Mehregan Pezeshki shared their story and experiences with us recently and you can find our conversation below.

Hi Mehregan, thank you for taking the time to reflect back on your journey with us. I think our readers are in for a real treat. There is so much we can all learn from each other and so thank you again for opening up with us. Let’s get into it: Are you walking a path—or wandering?
When I think about whether I’m walking a path or wandering, it’s a bit of both. For a long time, I didn’t fully realize that my path was my art. In my twenties, I was passionate about art but didn’t believe it could be a career. I explored different paths, working in tech and taking on various roles, but I eventually realized that true happiness for me lay in returning to my art. Moving to Los Angeles and pursuing my MFA was a turning point, and I’m proud of breaking free from the mindset that art can’t be a career.
Still, the journey isn’t always linear. Sometimes, it feels like wandering as much as it does walking a clear path. But when I look back at the past few years, I see how much progress I’ve made. In a way, maybe the art path is a wandering one, filled with exploration and growth.

Can you briefly introduce yourself and share what makes you or your brand unique?
I’m a multidisciplinary artist, and my work blends performance art with photography, printmaking, sculpture, and more. My artistic journey is deeply influenced by my Iranian heritage and the diverse places I’ve lived—Austin, San Francisco, New Orleans, and now Los Angeles. Each of these experiences has enriched my artistic voice and helped me understand the complexities of tradition. I’m constantly seeking to break free from outdated boundaries and challenge conventions that no longer serve us. For me, it’s essential to continually renew and redefine my understanding of self and identity.
My work often reflects the complex interplay between identity and the emotional landscapes of navigating multiple cultural backgrounds. Right now, I’m channeling all of my energy into creating works that raise awareness about the ongoing massacre, executions, the brutality, and suppression in Iran. The recent tragic events in my homeland have deeply affected me, and as an artist in exile, I feel more connected than ever to my roots.
Through my art, I explore themes of identity, the emotional landscapes of navigating different cultures, and the complexities of femininity. I love pushing boundaries, questioning traditions, and delving into raw human emotions—from color and absurdity to nudity and desire.

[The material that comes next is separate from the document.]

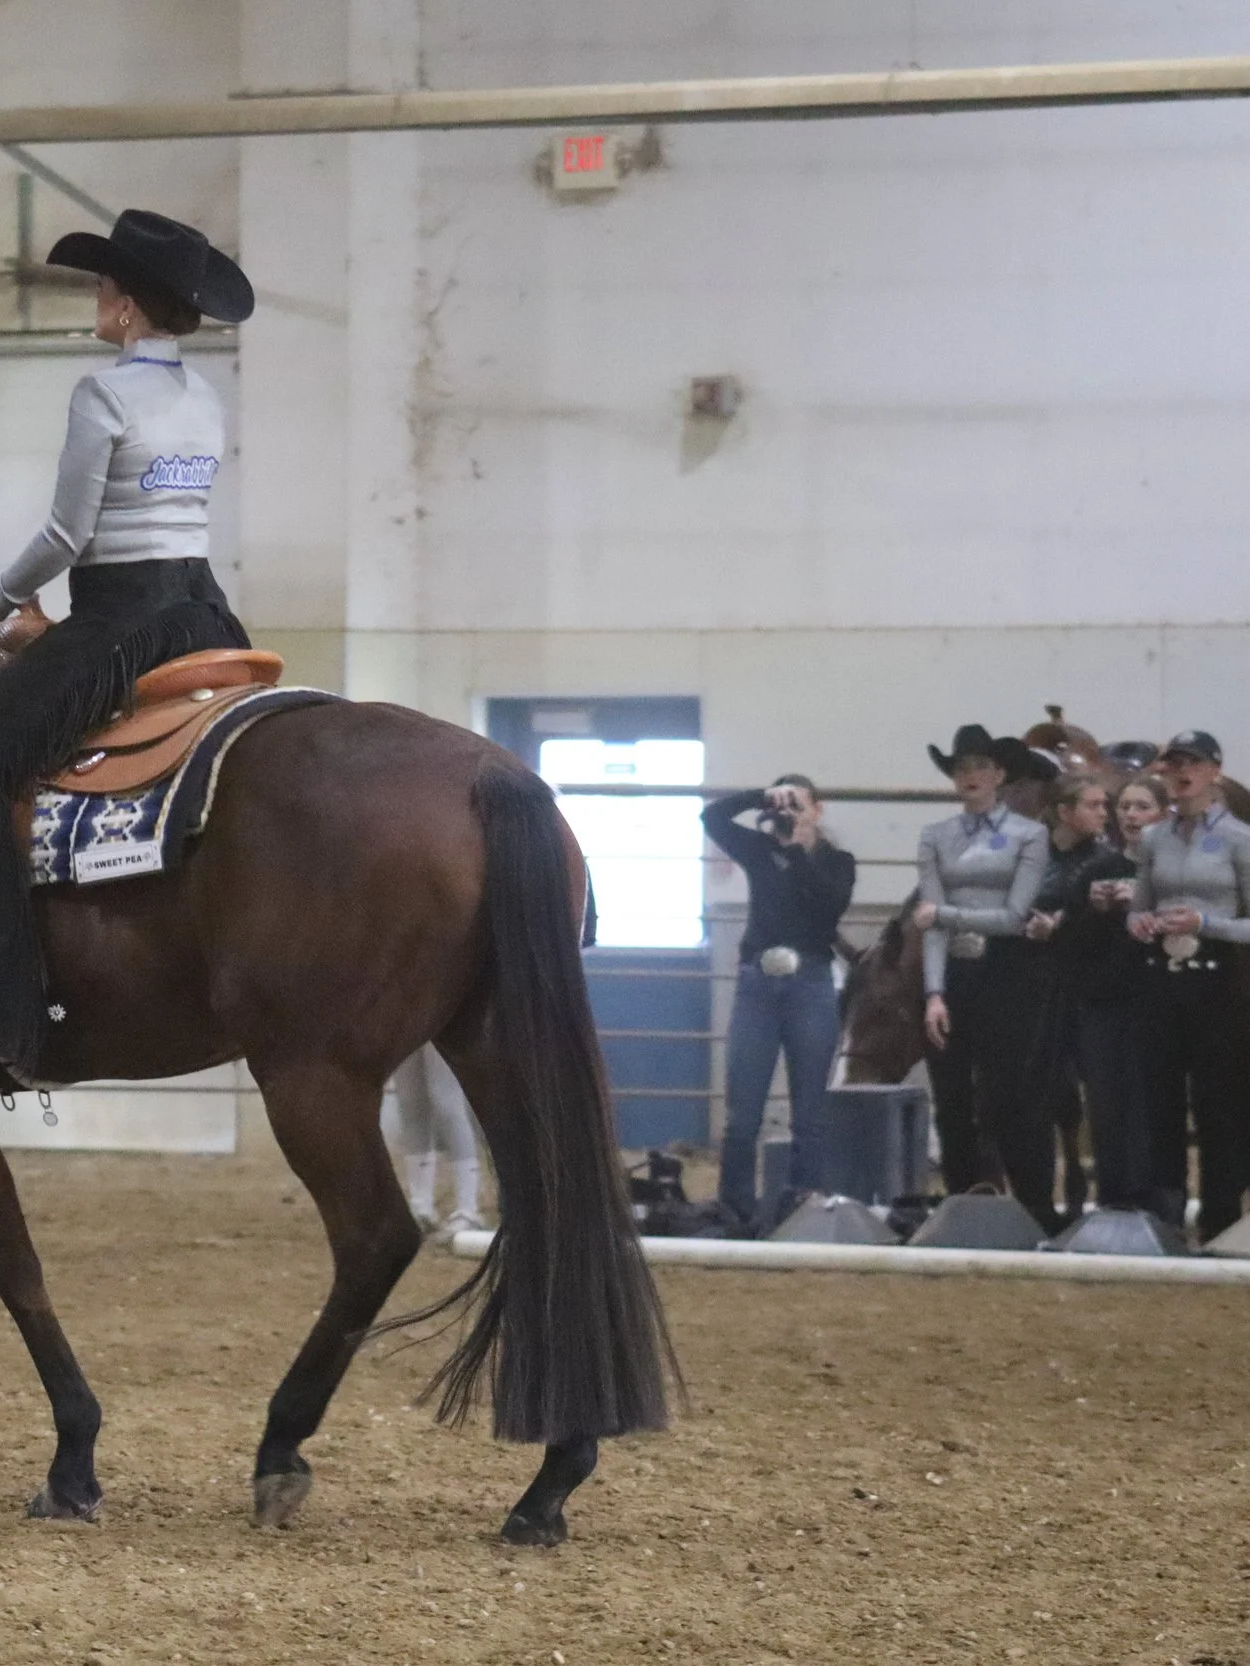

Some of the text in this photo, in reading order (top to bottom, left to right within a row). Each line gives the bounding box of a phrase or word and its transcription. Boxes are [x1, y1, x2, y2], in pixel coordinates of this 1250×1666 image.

[564, 136, 605, 173] EXIT
[94, 855, 142, 869] SWEET PEA

Appreciate your sharing that. Let’s talk about your life, growing up and some of topics and learnings around that. Who were you before the world told you who you had to be?
I truly love this question because it invites me to reflect on the layers of influence that shape us. For me, it’s not just about who I was before the world defined me, but about understanding why I am the way I am today. I often find myself pondering how much of my identity is truly my own and how much of it is shaped by what I was taught to believe.
From the moment we’re born, we absorb the values and norms around us—family, culture, religion, society—and these influences gradually shape our understanding of what’s “normal.” Living and traveling across different places has opened my eyes to how limited and sometimes restrictive those learned perspectives can be. It’s taught me to question, to look beyond what I was told, and to redefine myself on my own terms.
So now, instead of focusing solely on who I was before the world shaped me, I ask myself: Who am I when I challenge those ingrained beliefs and look within?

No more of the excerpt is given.